Depuis le début de l’année, les cours du pétrole enregistrent des hausses successives, et le prix du brut dépasse actuellement la barre des 85 dollars. Une aubaine pour les pays producteurs, particulièrement ceux qui tirent essentiellement les recettes de leurs exportations de la vente des hydrocarbures. C'est notamment le cas de l'Algérie, dont près de 97 % des recettes en devises proviennent de l'exportation du pétrole.

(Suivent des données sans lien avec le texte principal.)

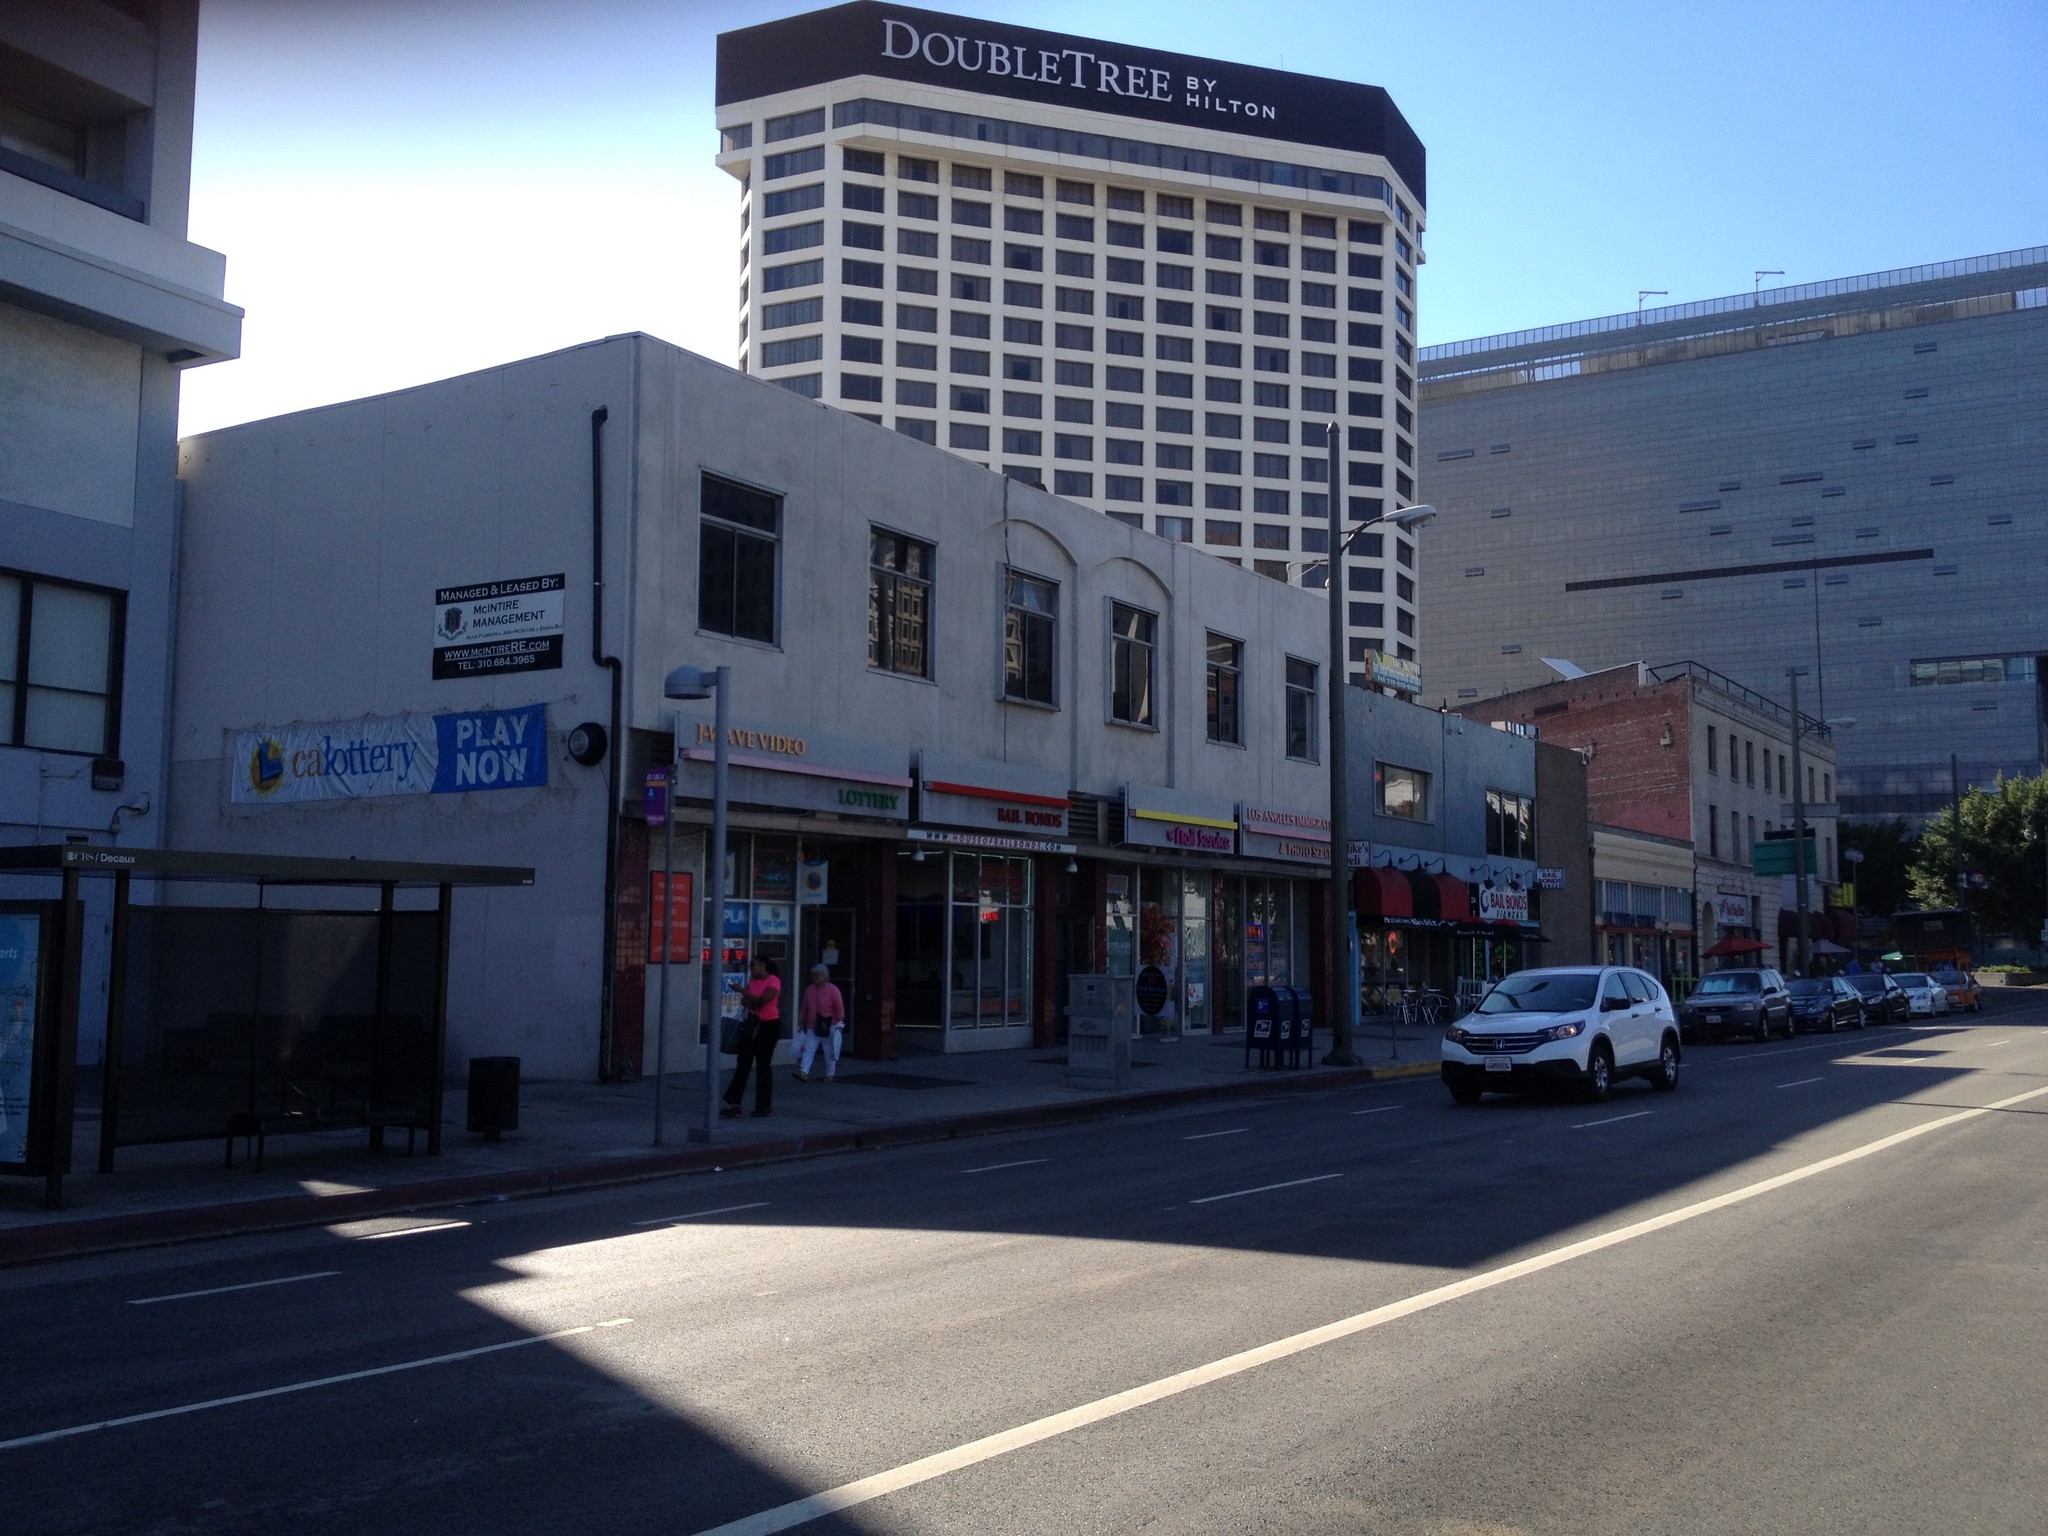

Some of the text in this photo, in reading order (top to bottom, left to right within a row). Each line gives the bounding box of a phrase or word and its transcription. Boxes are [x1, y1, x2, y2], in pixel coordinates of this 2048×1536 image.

[881, 18, 1173, 102] DOUBLETREE
[1186, 76, 1216, 92] BY
[1186, 93, 1275, 120] HILTON
[440, 587, 489, 602] MANAGED
[490, 584, 498, 595] &
[500, 580, 539, 594] LEASED
[472, 610, 545, 628] MANAGEMENT
[458, 655, 535, 670] TEL: 310.684.3965
[456, 715, 528, 749] PLAY
[758, 733, 806, 755] VIDEO
[456, 748, 527, 785] NOW
[838, 789, 898, 809] LOTTERY
[997, 807, 1062, 827] BAIL BONDS
[1247, 808, 1261, 820] LOS
[1263, 811, 1293, 825] ANGELES
[100, 852, 136, 864] Decaux
[1287, 844, 1310, 857] PHOTO
[1347, 855, 1360, 866] eli
[1490, 893, 1527, 910] BAIL BONDS

Cette hausse des prix du pétrole sur le marché mondial a été très bénéfique à l'Algérie. En effet, depuis le début de l'année, les recettes des hydrocarbures ont connu une importance hausse, pour atteindre 62 %, selon les chiffres annoncés ce mardi 2 novembre par le ministre de l'Énergie Mohamed Arkab.

« Les recettes des hydrocarbures ont connu une hausse de 62% durant les neufs premiers moins de l’année en cours par rapport à celles enregistrés à la même période de l’année 2020 », indique le ministre de l’Énergie lors de la présentation du plan de son secteur devant la Commission des Finances à l'Assemblée populaire nationale (APN). Selon le ministre, la reprise de l'économie mondiale a entraîné une augmentation de la demande d'énergie, en particulier en gaz naturel, dont les prix ont aussi augmenté.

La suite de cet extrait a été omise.